The U.S. health care system suffers from a chronic malady -- the revolving door syndrome at its hospitals. It is so bad that the federal government says one in five elderly patients is back in the hospital within 30 days of leaving.Some return trips are predictable elements of a treatment plan. Others are unplanned but difficult to prevent: patients go home, new and unexpected problems arise, and they require an immediate trip back to the hospital.
But many of these readmissions can and should be prevented. They are the result of a fragmented system of care that too often leaves discharged patients to their own devices, unable to follow instructions they didn't understand, and not taking medications or getting the necessary follow-up care.
The federal government has pegged the cost of readmissions for Medicare patients alone at $26 billion annually, and says more than $17 billion of it pays for return trips that need not happen if patients get the right care.

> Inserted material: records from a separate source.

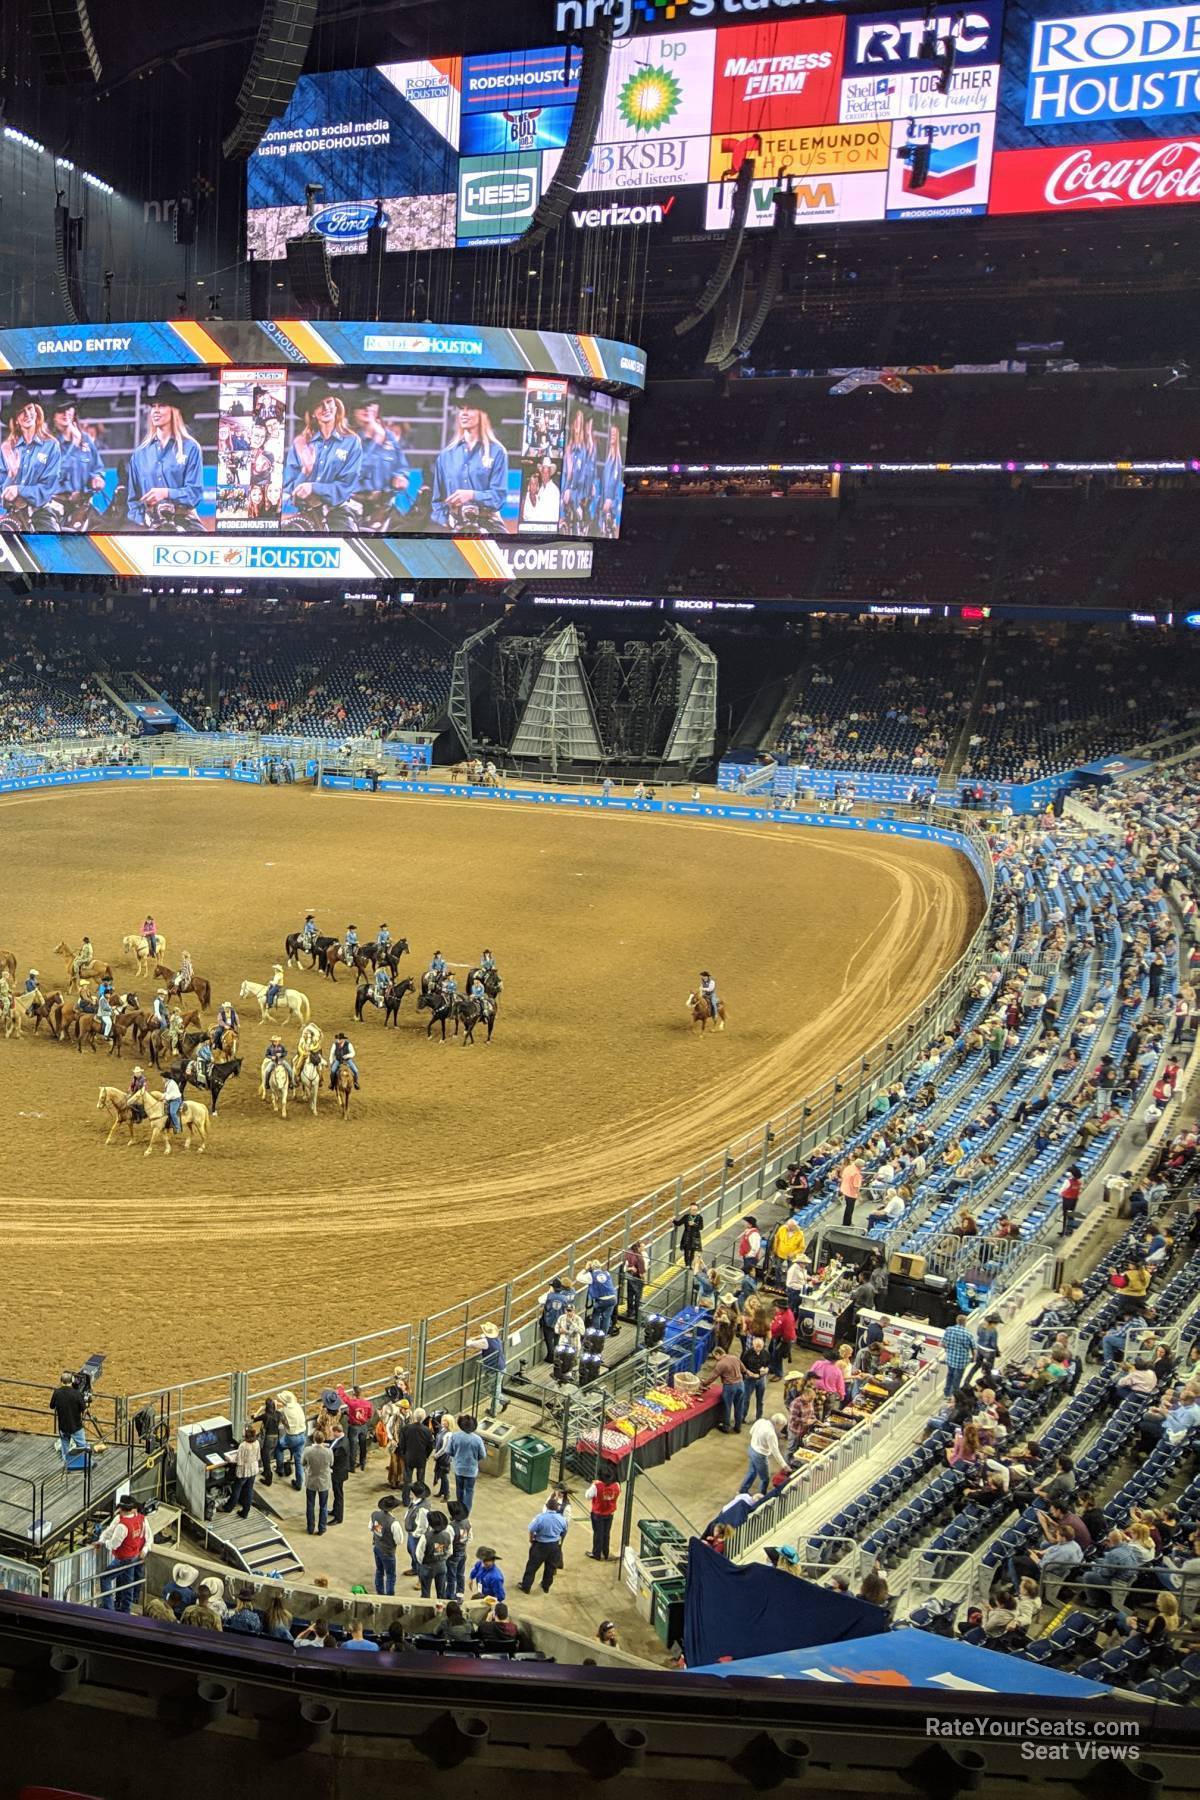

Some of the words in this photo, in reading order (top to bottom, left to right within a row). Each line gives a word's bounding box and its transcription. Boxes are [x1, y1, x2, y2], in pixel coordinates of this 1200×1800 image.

[660, 39, 686, 60] bp
[857, 15, 991, 63] RTIC
[724, 51, 832, 77] MATTRESS
[745, 72, 806, 94] FIRM
[847, 82, 875, 99] Shell
[911, 70, 992, 94] TOGTHER
[407, 87, 449, 99] HOUSTON
[1031, 69, 1200, 120] HOUST
[846, 96, 890, 113] Federal
[306, 128, 319, 137] on
[322, 122, 352, 136] social
[355, 119, 389, 132] media
[511, 120, 536, 142] BULL
[906, 122, 981, 138] Chevron
[259, 144, 287, 157] using
[289, 133, 390, 153] #RODEOHOUSTON
[765, 132, 880, 152] TELEMUNDO
[616, 141, 688, 171] KSBJ
[763, 148, 879, 169] HOUSTON
[616, 173, 641, 187] God
[467, 183, 530, 206] HESS
[328, 211, 370, 232] Ford
[572, 203, 662, 228] verizon
[37, 340, 82, 353] GRAND
[86, 338, 131, 352] ENTRY
[427, 338, 482, 353] HOUSTON
[249, 547, 340, 567] HOUSTON
[560, 549, 575, 570] TO
[589, 599, 624, 607] Technology
[675, 600, 712, 609] RICOH
[902, 606, 931, 614] Contest
[1131, 614, 1155, 622] Trams

This is one reason the Centers for Medicare & Medicaid Services has identified avoidable readmissions as one of the leading problems facing the U.S. health care system and now penalizes hospitals with high rates of readmissions for their heart failure, heart attack, and pneumonia patients.
This report is being released in conjunction with the Robert Wood John Foundation's Care About Your Care initiative, which is devoted to improving care transitions when people leave the hospital. It looks at the issue of readmissions in two ways: by the numbers and through the eyes of the people who live them.